== What is being asked ==
Leave out the images and output the records word for word.

[Source records]

+++

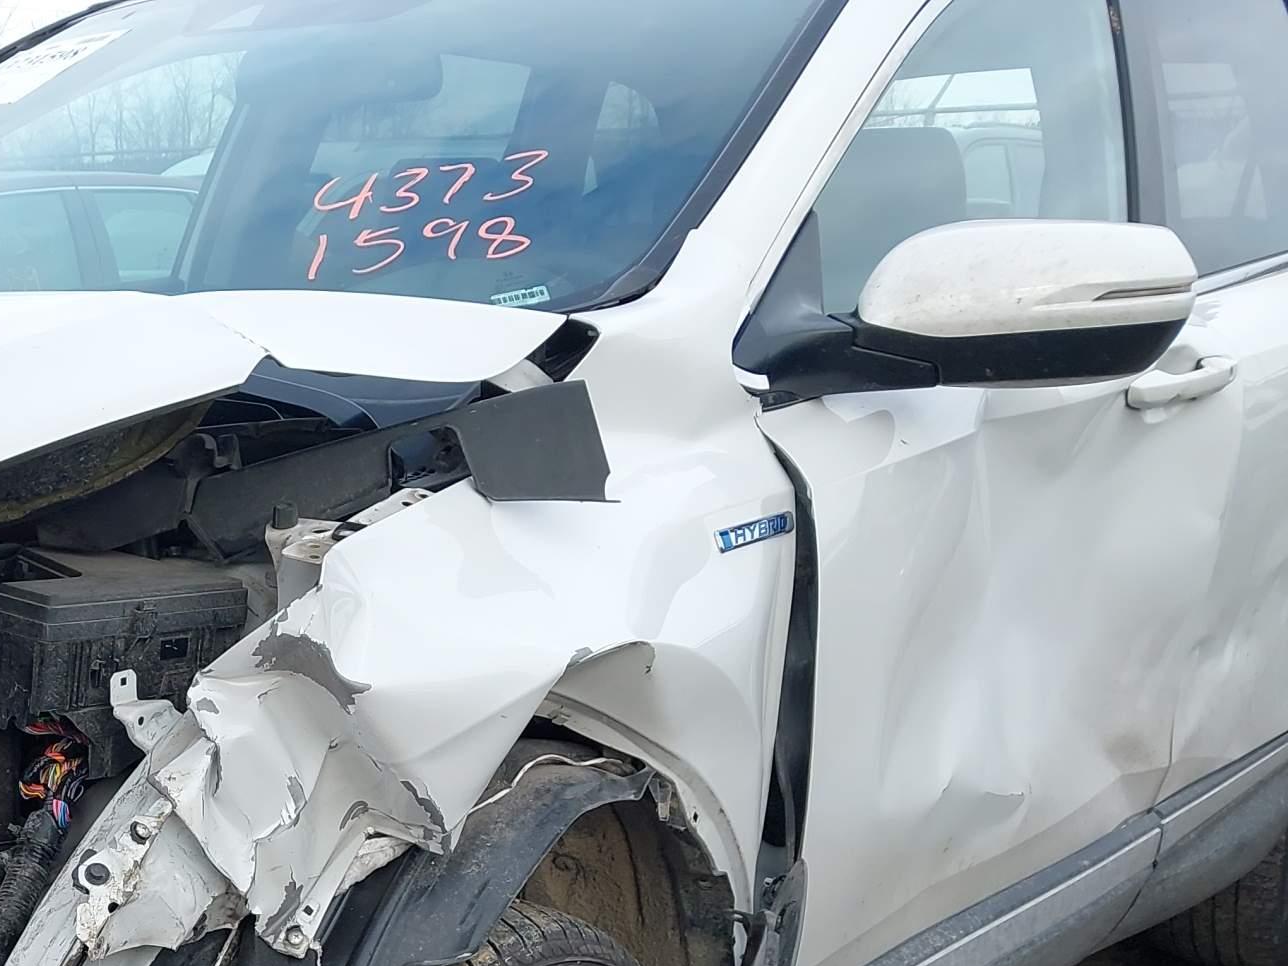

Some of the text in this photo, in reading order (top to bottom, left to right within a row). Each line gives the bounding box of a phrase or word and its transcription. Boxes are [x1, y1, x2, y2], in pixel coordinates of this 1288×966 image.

[312, 148, 550, 221] 4373
[306, 215, 532, 281] 1598
[734, 516, 788, 545] HYBRID
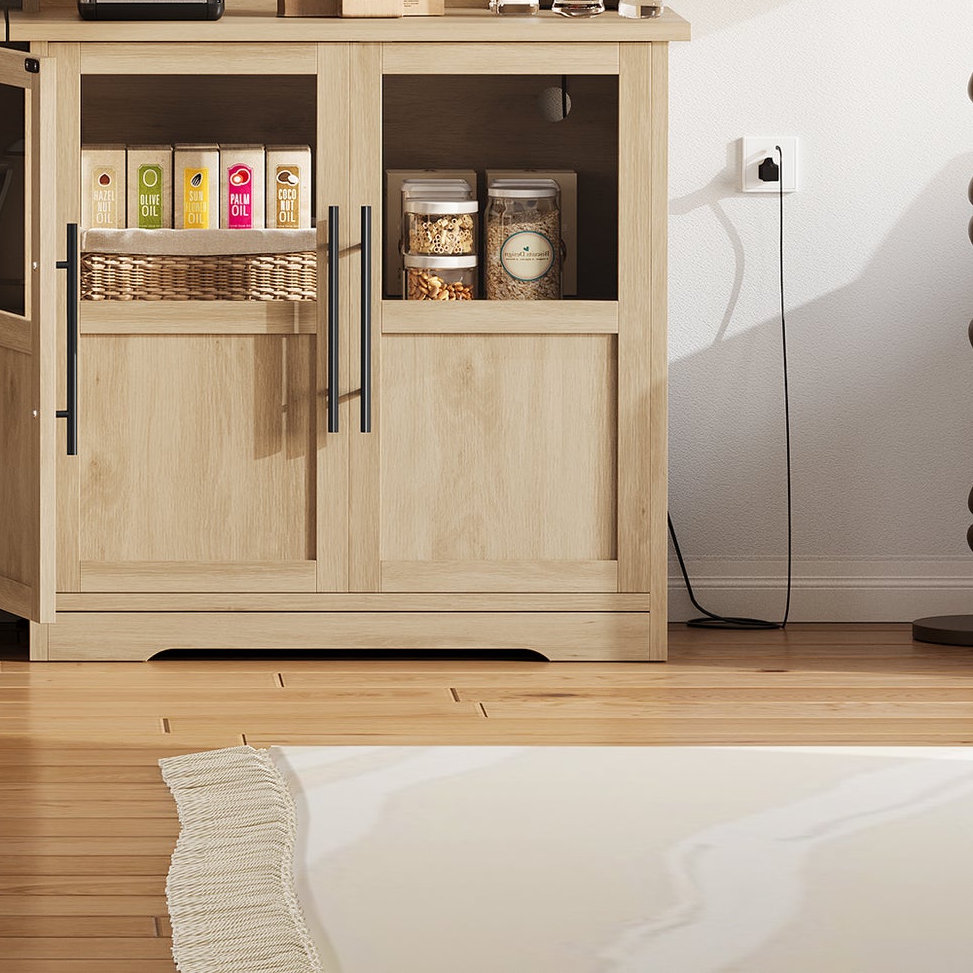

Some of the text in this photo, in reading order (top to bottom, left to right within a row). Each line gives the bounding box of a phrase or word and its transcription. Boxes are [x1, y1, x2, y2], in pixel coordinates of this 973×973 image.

[93, 190, 115, 201] HAZEL
[140, 194, 160, 206] OLIVE
[189, 191, 204, 201] SUN
[230, 193, 250, 205] PALM
[278, 189, 297, 200] COCO
[97, 201, 112, 212] NUT
[231, 205, 249, 217] OIL
[280, 200, 294, 211] NUT
[141, 206, 159, 217] OIL
[279, 211, 296, 222] OIL
[96, 212, 113, 224] OIL
[188, 212, 205, 224] OIL
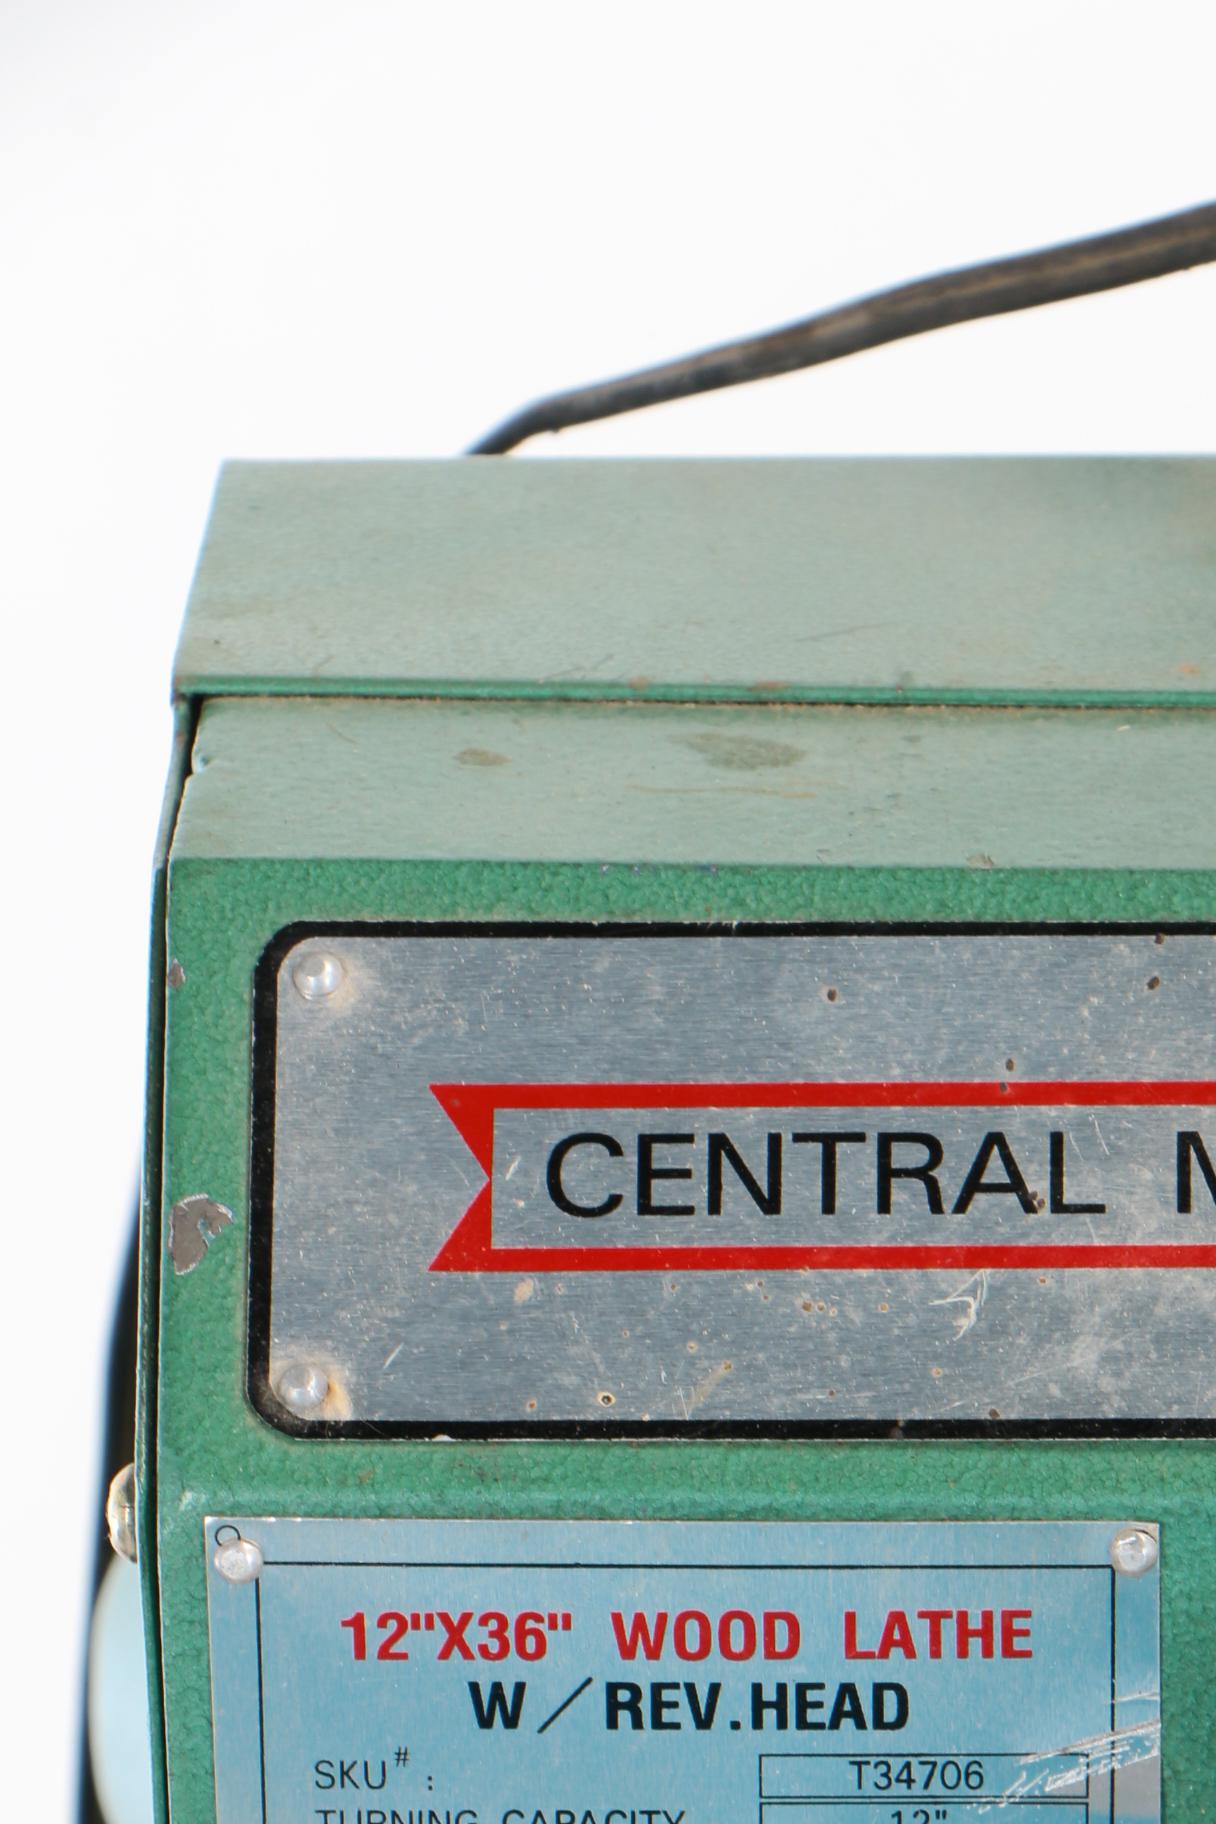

+++

== Answer area ==
Some of the text in this photo, in reading order (top to bottom, left to right within a row). Each line gives the bounding box of a phrase or word and its transcription. Boxes are [x1, y1, x2, y2], in pixel coordinates of this 1288×966 image.

[312, 148, 550, 221] 4373
[306, 215, 532, 281] 1598
[734, 516, 788, 545] HYBRID

Some of the text in this photo, in reading order (top to bottom, left to right within a row). Each line gives the bounding box of a phrase or word and its transcription. Boxes are [x1, y1, x2, y2], in pixel coordinates of this 973×973 image.

[93, 190, 115, 201] HAZEL
[140, 194, 160, 206] OLIVE
[189, 191, 204, 201] SUN
[230, 193, 250, 205] PALM
[278, 189, 297, 200] COCO
[97, 201, 112, 212] NUT
[231, 205, 249, 217] OIL
[280, 200, 294, 211] NUT
[141, 206, 159, 217] OIL
[279, 211, 296, 222] OIL
[96, 212, 113, 224] OIL
[188, 212, 205, 224] OIL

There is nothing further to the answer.